Unter gedämpften Theaterlampen kann man Weißwein schlürfen oder Free Jazz-Platten kaufen. Der Merchstand ist ein Albtraum für Sammler mit schmalem Geldbeutel. Da ich nicht alles mitnehmen konnte, habe ich den Tisch mit den Platten ab einem gewissen Zeitpunkt einfach ignoriert. Was sicher ein Fehler war. Vorband gab’s auch. Die Tall Firs. Zwei Knaben schicken ihre silbrigen Gitarrenpickings durch einen Fender Twin Reverb und  rösten seltsame Marshmellows. Einer von den beiden kann richtig gut singen. Sehr schöne Musik, für ein Stück kommt die Harfenistin aus Thurstons Band auf die Bühne, der Drummer macht für zwei Nummern mit, wenn ich mich recht erinnere, aber das hat für meinen Geschmack die zurückgenommene Stimmung eher gestört.
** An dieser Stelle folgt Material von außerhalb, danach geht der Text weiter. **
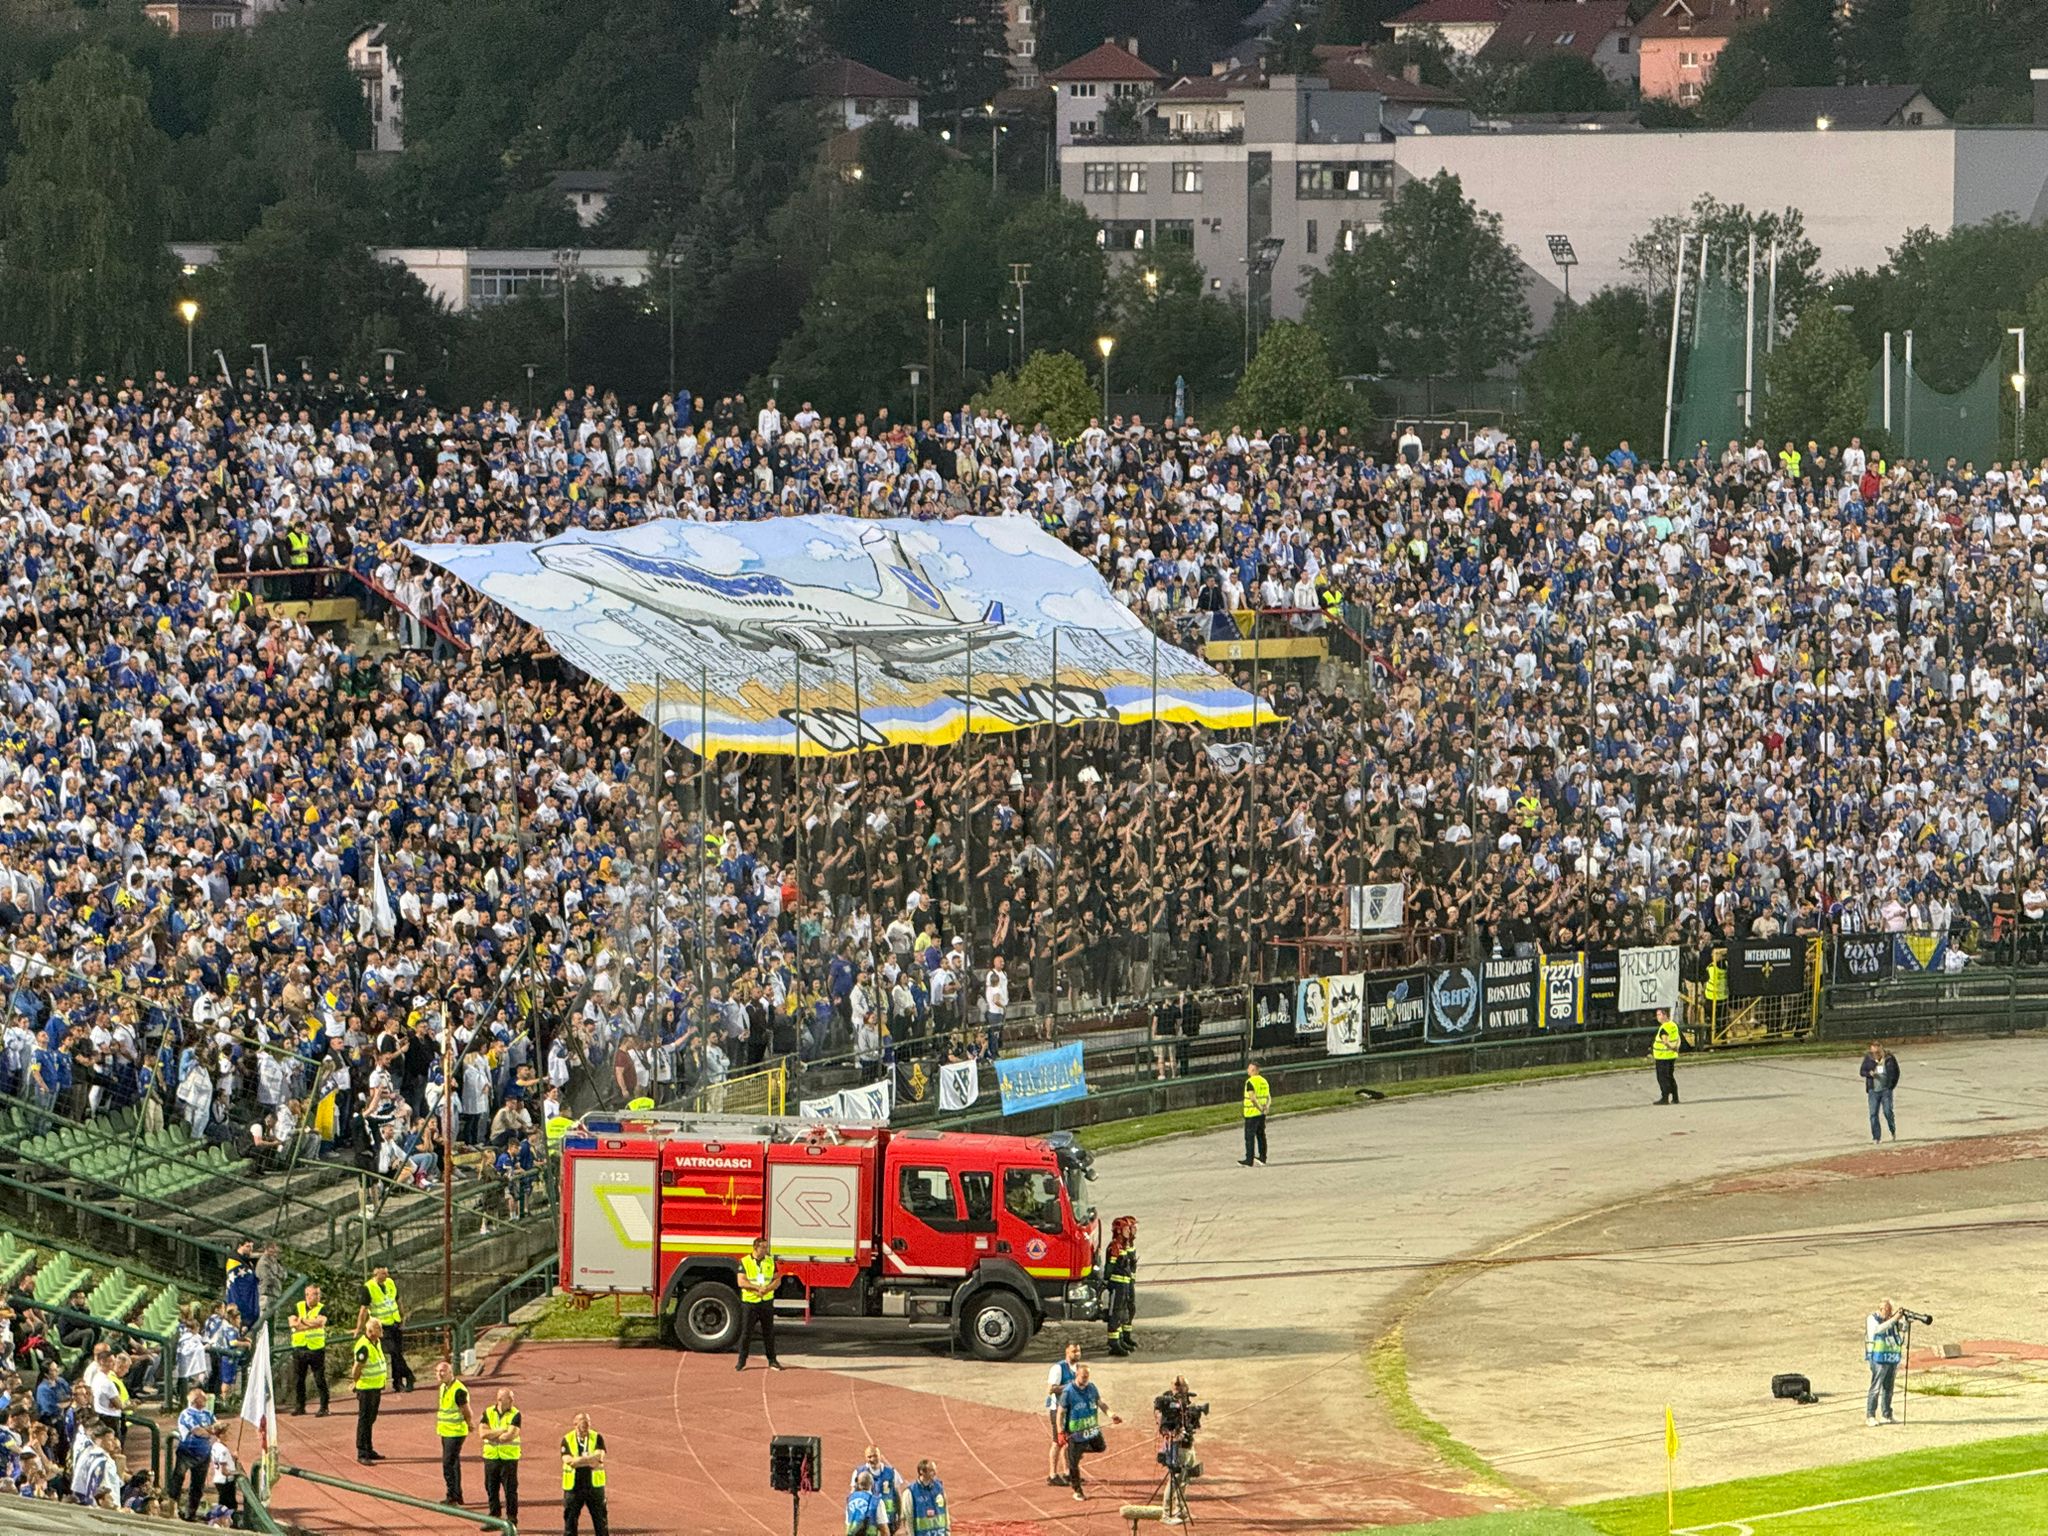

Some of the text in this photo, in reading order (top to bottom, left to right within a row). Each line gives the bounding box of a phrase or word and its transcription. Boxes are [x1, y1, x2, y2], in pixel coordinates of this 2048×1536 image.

[1744, 948, 1791, 962] INTERVENTNA
[1485, 959, 1533, 979] HARDCORE
[1541, 962, 1582, 981] 72270
[1440, 987, 1471, 1008] BHF
[1487, 982, 1531, 1004] BOSNIANS
[1396, 999, 1424, 1023] YOUTH
[1489, 1008, 1528, 1028] ON TOUR
[675, 1156, 752, 1169] VATROGASCI
[610, 1172, 630, 1182] 123
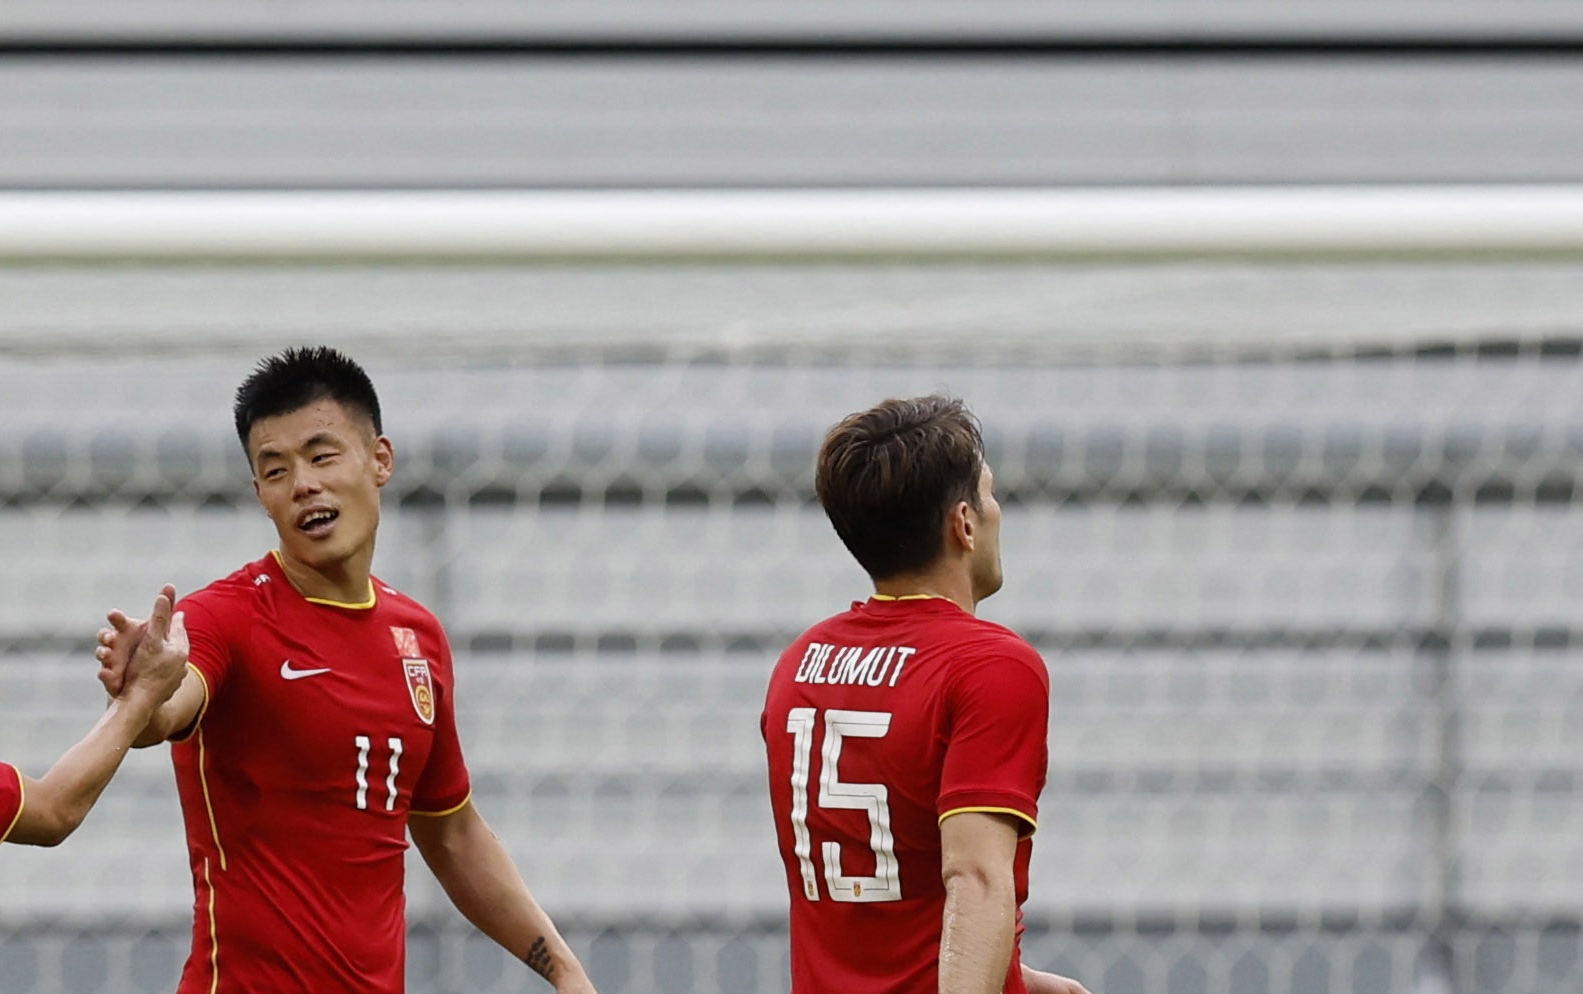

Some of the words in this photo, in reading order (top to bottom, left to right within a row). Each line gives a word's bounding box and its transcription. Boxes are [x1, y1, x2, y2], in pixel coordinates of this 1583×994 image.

Nach einer Pause kommt Thurston Moore samt zweitem Gitarristen, Drummer, Harfenistin und Geigerin auf die Bühne. In Sakko und Krawatte ein ungewohnter Anblick. Beide fliegen irgendwann nach hinten, ebenso wie ein sich sträubender Big Muff („This is a theatre, right?“). Die wunderbar entrückten Folksongs des letzten Albums gehen runter wie mit LSD versetztes Öl, gewürzt mit ausgewählten Filetstücken von „Trees Outside The Academy“, als Kontrapunkt dazu gibts unter mehr oder weniger akkustischen Bedingungen geschreinerte Versionen von alten Noiserock-Gassenhauern vom „Pyschic Hearts“-Album wie das unfassbare „Ono Soul“. Das steht manchen Stücken besser als anderen, und so wird immer wieder die Mär vom Folk-Quintett durch Distortion und Ozeane aus Drones widerlegt, zum Reinlegen und Untergehen. Wunderbares Konzert. Übrigens: Jörg ist das deutsche Wort für Hardcore, wie wir jetzt wissen.